尽管官方 ARM v6M 规范强烈建议将 HardFault 异常视为致命异常并在不离开处理程序上下文的情况下保持或重置芯片,但您可以在 HardFault 句柄中模拟 Cortex M0(+) 内核上缺失的指令,然后返回到错误指令之后。
m0FaultDispatch (ab) 提供的示例代码使用了此功能模拟其他缺失的指令(整数除法)。除非您非常小心并了解芯片上发生硬故障的所有可能原因,否则此类仿真可能会隐藏其他有效的硬故障原因,让您的代码继续进入未知领域。
并且没有任何仿真能够与 ARM v7M 芯片上的 LDREX/STREX 预期性能相媲美。
编辑:模拟互斥监视器需要使用 MPU 处理程序(又名 HardFault)包装所有其他异常,一些更正常的蹦床代码形式,或者向所有中断处理程序添加显式支持。
You can emulated missing instruction on Cortex M0(+) cores in the HardFault handle before returning to after faulted instruction even though the official ARM v6M specification strongly recommends to treat the HardFault exception as fatal and hold or reset the chip without ever leaving the handler context.
The example code provided by m0FaultDispatch (ab)uses this capability to emulate an other missing instruction (integer division).

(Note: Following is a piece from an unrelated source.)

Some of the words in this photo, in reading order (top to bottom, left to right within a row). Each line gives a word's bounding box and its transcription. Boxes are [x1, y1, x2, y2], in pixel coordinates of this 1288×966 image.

Unless you're very careful and know all possible causes of HardFaults on your chip such an emulation could hide other valid HardFault causes letting your code continue into uncharted waters.
And no emulation can come close matching the performance expected of LDREX/STREX on ARM v7M chips.

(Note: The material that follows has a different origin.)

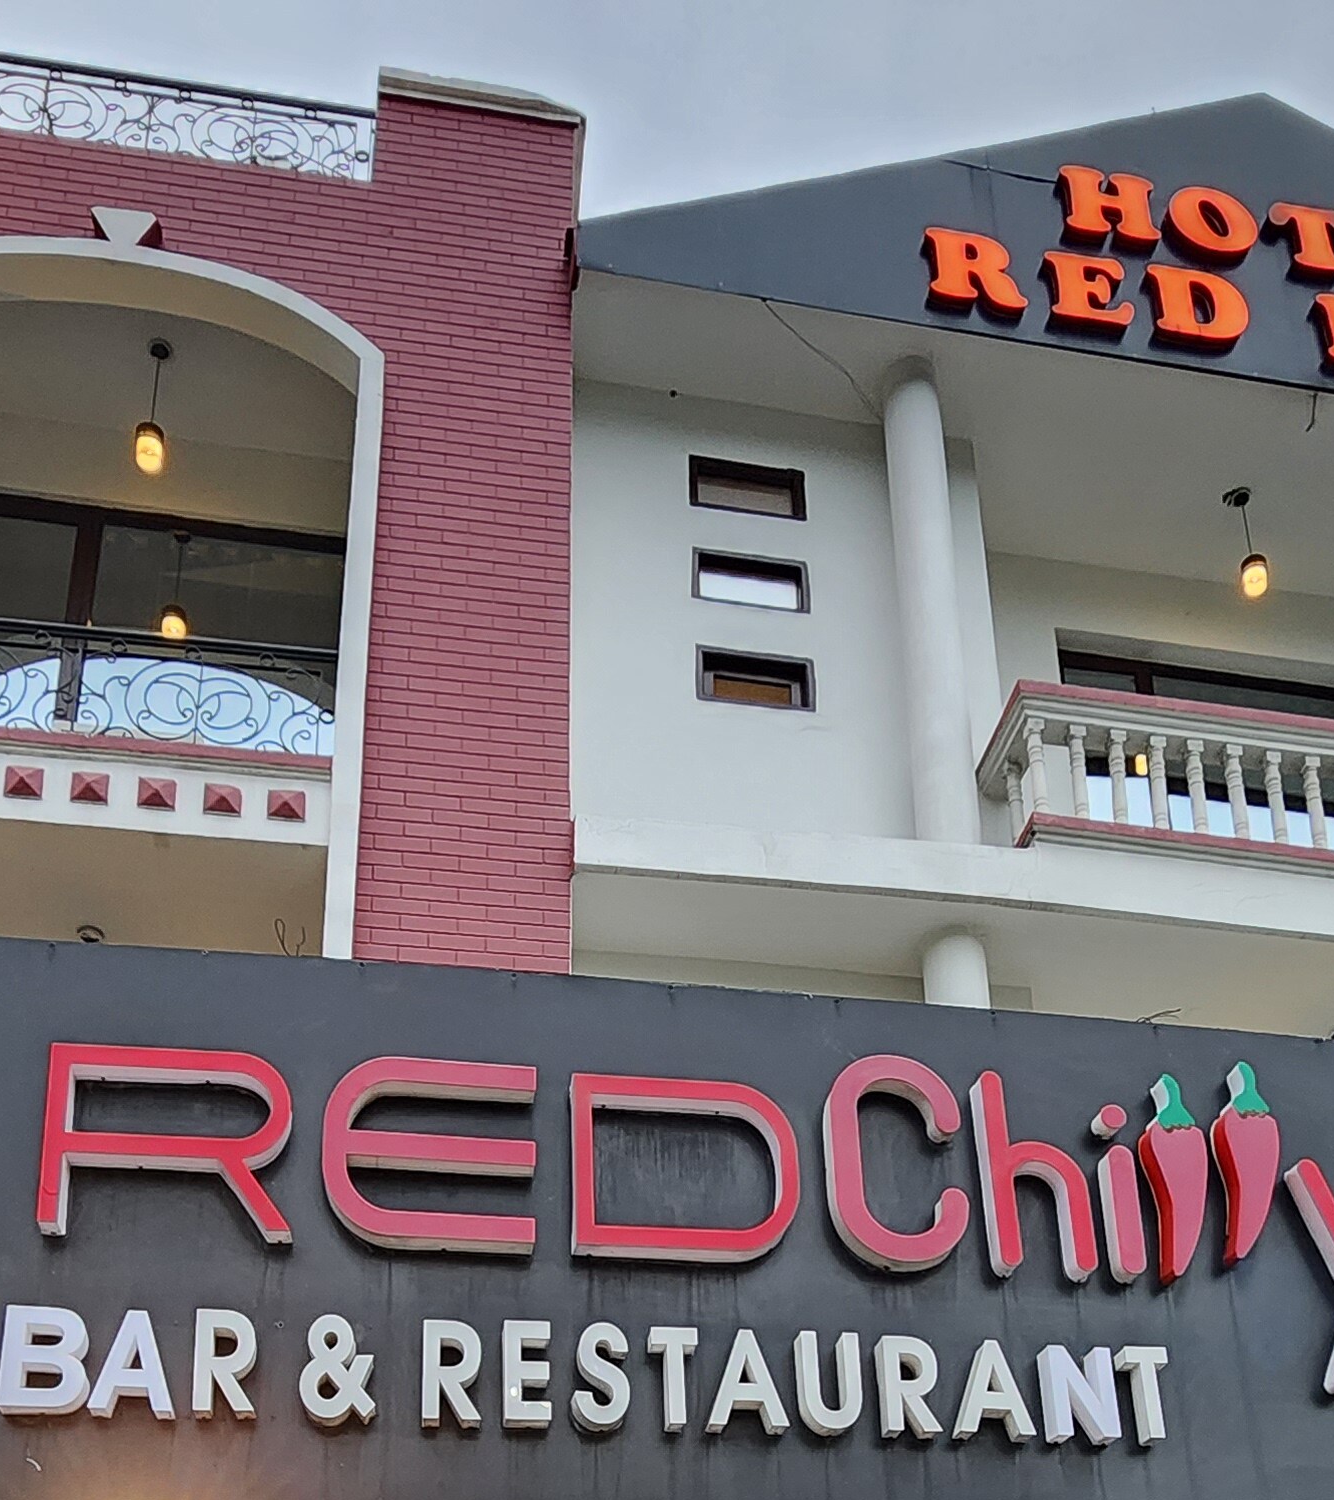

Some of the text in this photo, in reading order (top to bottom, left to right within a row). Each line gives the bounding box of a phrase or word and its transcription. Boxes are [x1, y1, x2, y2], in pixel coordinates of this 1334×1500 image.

[924, 226, 1251, 348] RED
[36, 1042, 801, 1265] RED
[298, 1313, 377, 1427] &
[419, 1318, 1170, 1447] RESTAURANT

Edit: Emulating the mutual exclusion monitor requires wrapping all other exceptions with the MPU handler (aka HardFault again), some more normal form of trampoline code, or adding explicit support to all interrupt handlers.
STREX/LDREX 用于多核处理器访问跨内核共享的内存中的共享项。 ARM 在记录方面做得异常糟糕,您必须仔细阅读 amba/axi 以及 arm 和 trm 文档中的字里行间才能弄清楚这一点。
它的工作原理是,如果您有一个支持 STREX/LDREX 的核心,并且如果您有一个支持独占访问的内存控制器,那么如果内存控制器看到一对独占操作,中间没有其他核心访问该内存,那么您返回 EX_OKAY 而不是比好吧。 Arm文档告诉芯片设计者,如果它是单处理器(未实现多核功能),那么您不必支持exokay,只需返回okay,从软件角度来看,这会破坏LDREX / STREX对以进行访问该逻辑(软件在无限循环中旋转,因为它永远不会返回成功),但 L1 缓存确实支持它,所以感觉它可以工作。
对于单处理器以及不访问跨内核共享内存的情况,请使用 SWP。
-m0 不支持 ldrex/strex 也不支持 swp,但是这些基本上可以给你带来什么?他们只是为您提供访问权限,而不受您执行访问的影响。为了防止你踩到自己,只需在这段时间内禁用中断,这是我们自黑暗时代以来进行原子访问的方式。如果你想保护自己和外围设备,如果你有一个可能干扰的外围设备,那么没有办法解决这个问题,甚至交换也可能无济于事。
所以只需禁用关键部分周围的中断即可。
STREX/LDREX are for multicore processors accessing shared items in memory that is shared across the cores. ARM did an unusually bad job of documenting that, you have to read between the lines in the amba/axi and arm and trm docs to figure this out.
How it works is IF you have a core that supports STREX/LDREX and IF you have a memory controller that supports exclusive access then IF the memory controller sees the pair of exclusive operations with no other core accessing that memory in between then you return EX_OKAY rather than OKAY. The arm docs tell the chip designers if it is a uniprocessor (not implementing the multicore feature) then you dont have to support exokay just return okay, which from a software perspective breaks the LDREX/STREX pair for accesses that hit that logic (the software spins in an infinite loop as it will never return success), the L1 cache does support it though so it feels like it works.
For uniprocessor and for cases where you are not accessing memory shared across the cores use SWP.
The -m0 does not support ldrex/strex nor swp, but what are those basically getting you? They are simply getting you an access that is not affected by you doing an access. to prevent you from stomping on yourself then just disable interrupts for the duration, the way we have done atomic accesses since the dark ages. if you want protection from you and a peripheral if you have a peripheral that can interfere, well there is no way to get around that and even a swap may not have helped.
So just disable interrupts around the critical section.